WORK REQUIRED: The records below are to be repeated exactly, and their pictures left out.

TASK DATA:
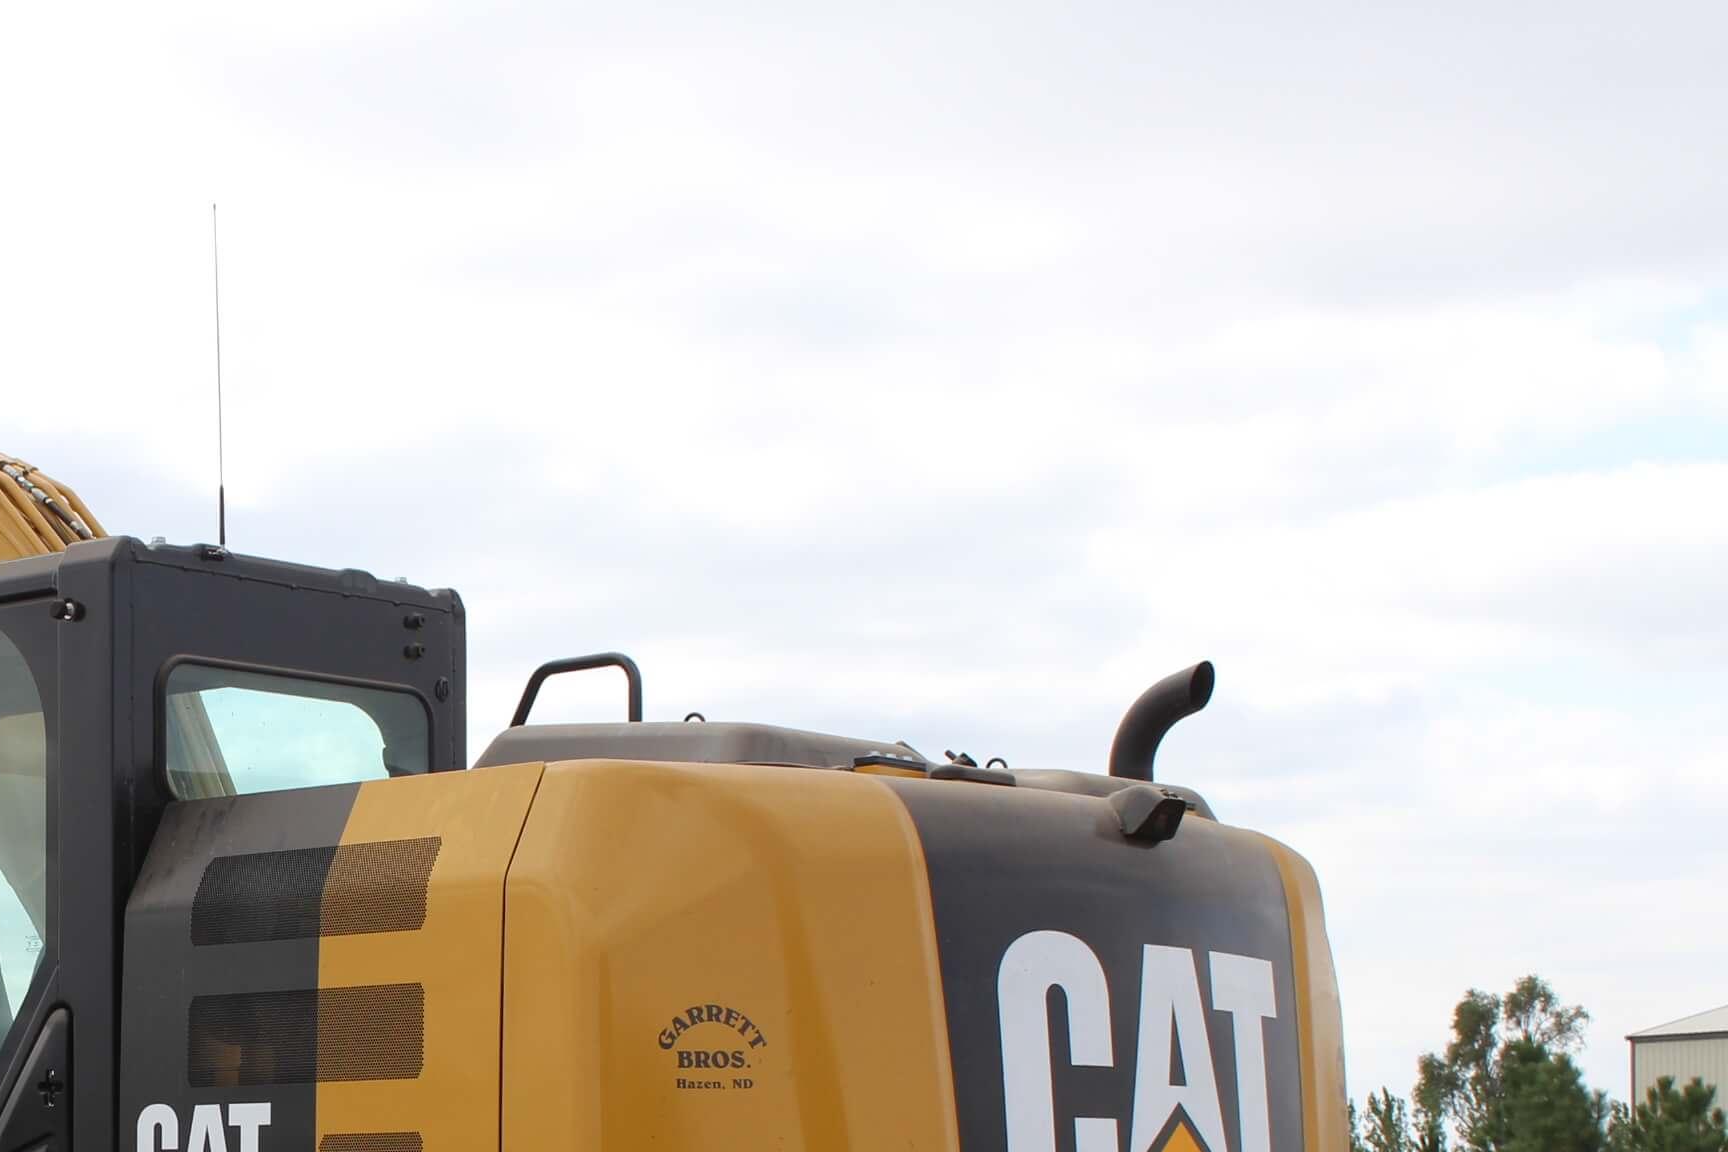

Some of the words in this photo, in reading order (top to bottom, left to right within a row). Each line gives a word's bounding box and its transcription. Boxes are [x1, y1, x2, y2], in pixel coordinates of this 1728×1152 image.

[658, 1004, 767, 1050] GARRETT
[676, 1050, 752, 1069] BROS.
[732, 1078, 754, 1089] ND
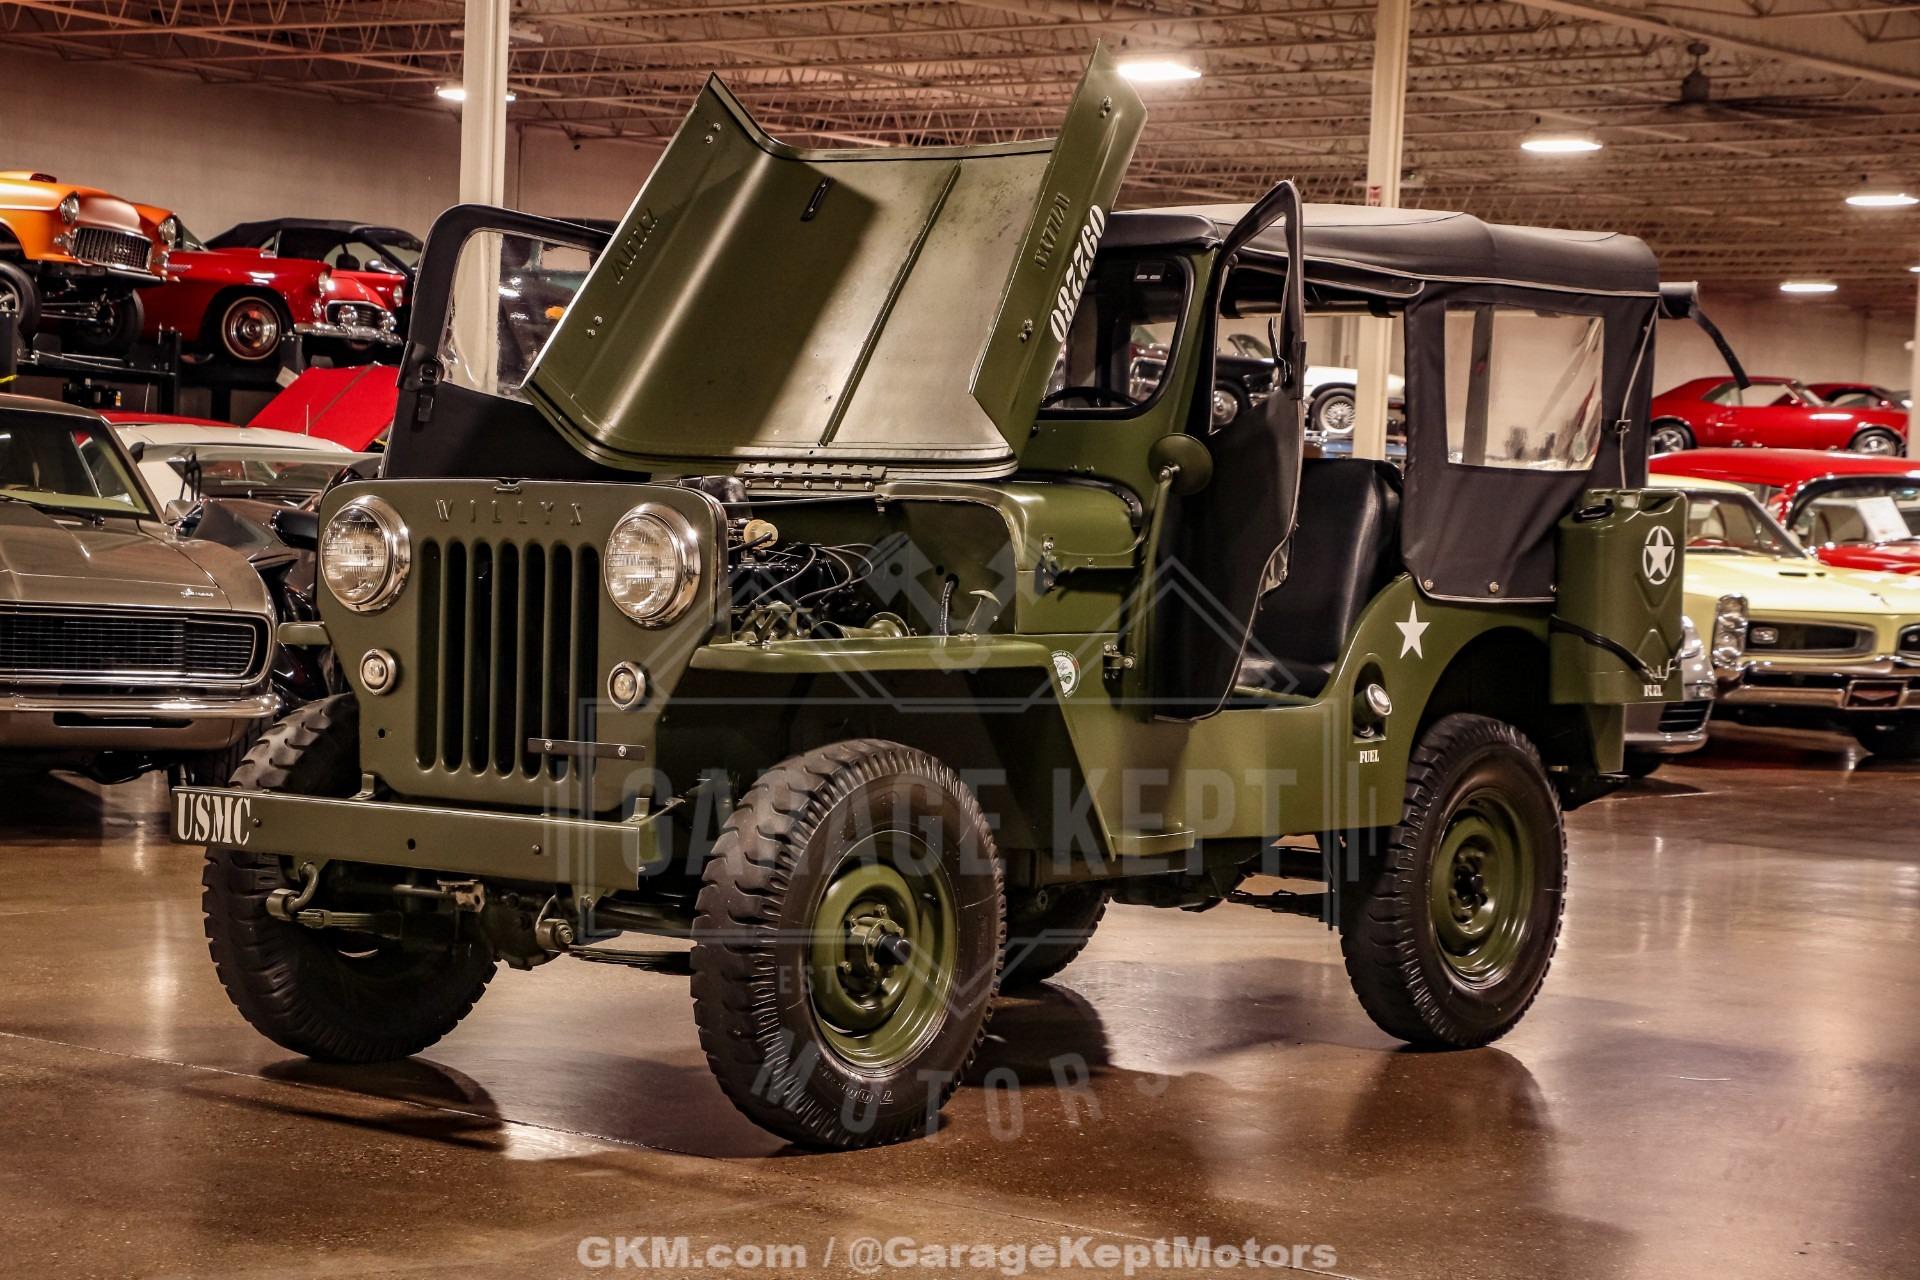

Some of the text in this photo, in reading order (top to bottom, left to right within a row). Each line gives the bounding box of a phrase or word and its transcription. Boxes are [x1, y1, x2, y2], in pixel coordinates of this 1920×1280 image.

[436, 499, 581, 526] WILLYS
[1359, 749, 1380, 764] FUEL
[177, 792, 251, 846] USMC
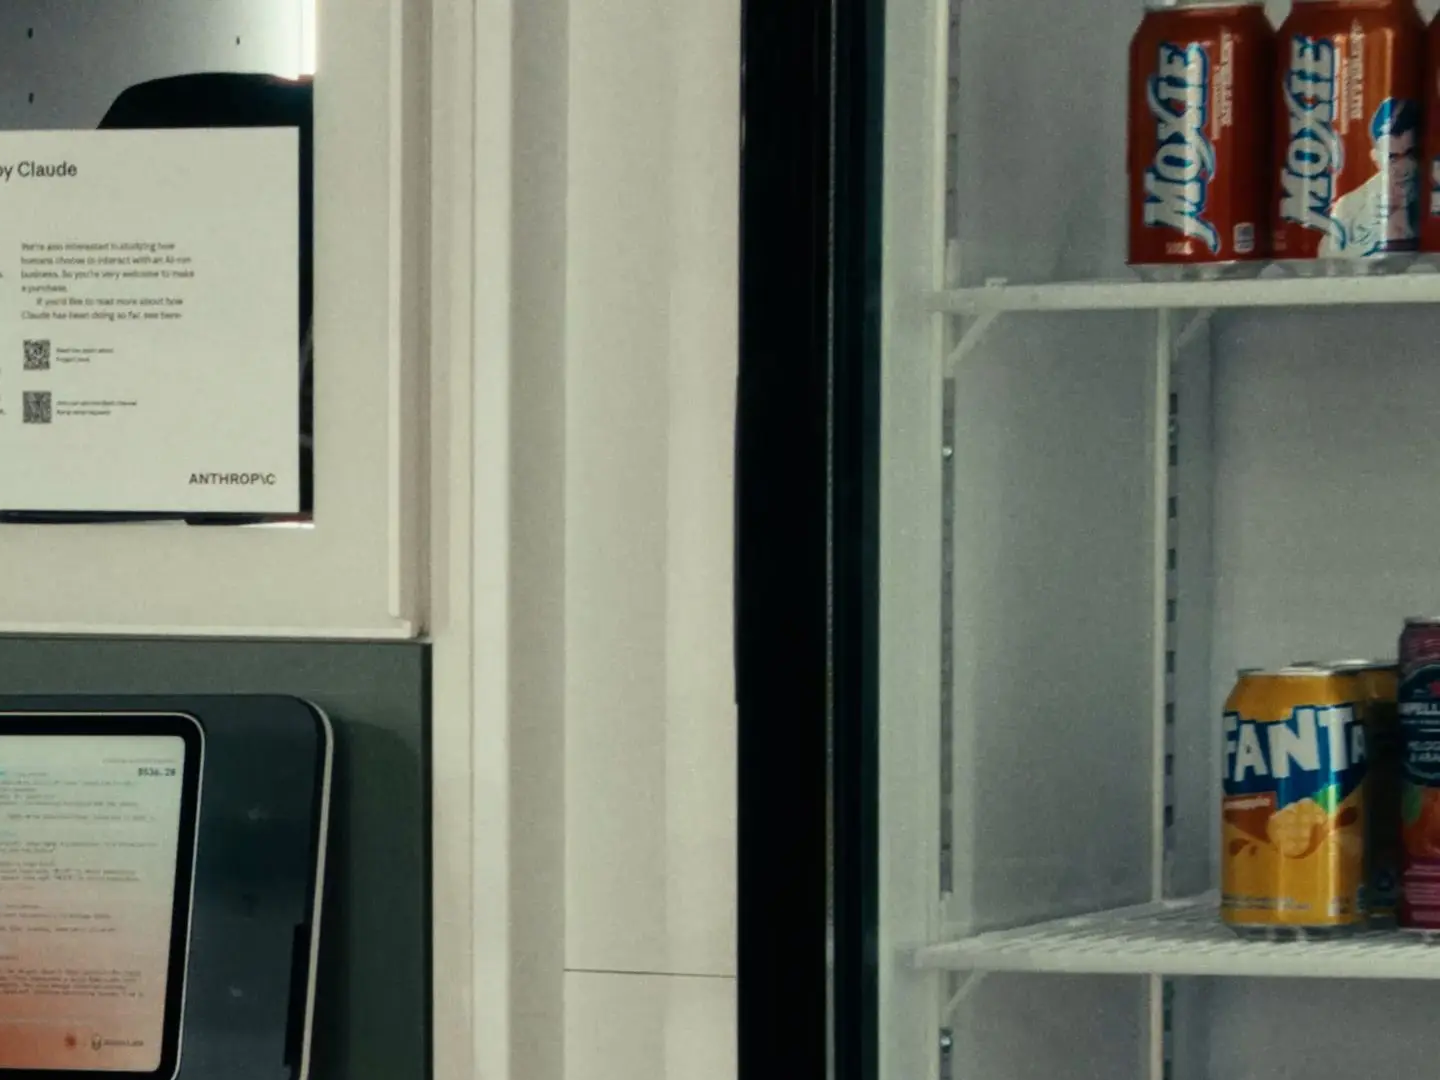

ANSWER FOR THE TASK:
Some of the words in this photo, in reading order (top to bottom, left to right within a row). Each line gives a word's bounding box and its transcription. Boxes are [x1, y1, x2, y2], in pixel coordinates of this 1728×1152 image.

[658, 1004, 767, 1050] GARRETT
[676, 1050, 752, 1069] BROS.
[732, 1078, 754, 1089] ND

Some of the text in this photo, in reading order (top to bottom, left to right within a row). Each line gives the bounding box of a phrase or word and its transcription. Boxes are [x1, y1, x2, y2], in pixel coordinates of this 1920×1280 image.

[436, 499, 581, 526] WILLYS
[1359, 749, 1380, 764] FUEL
[177, 792, 251, 846] USMC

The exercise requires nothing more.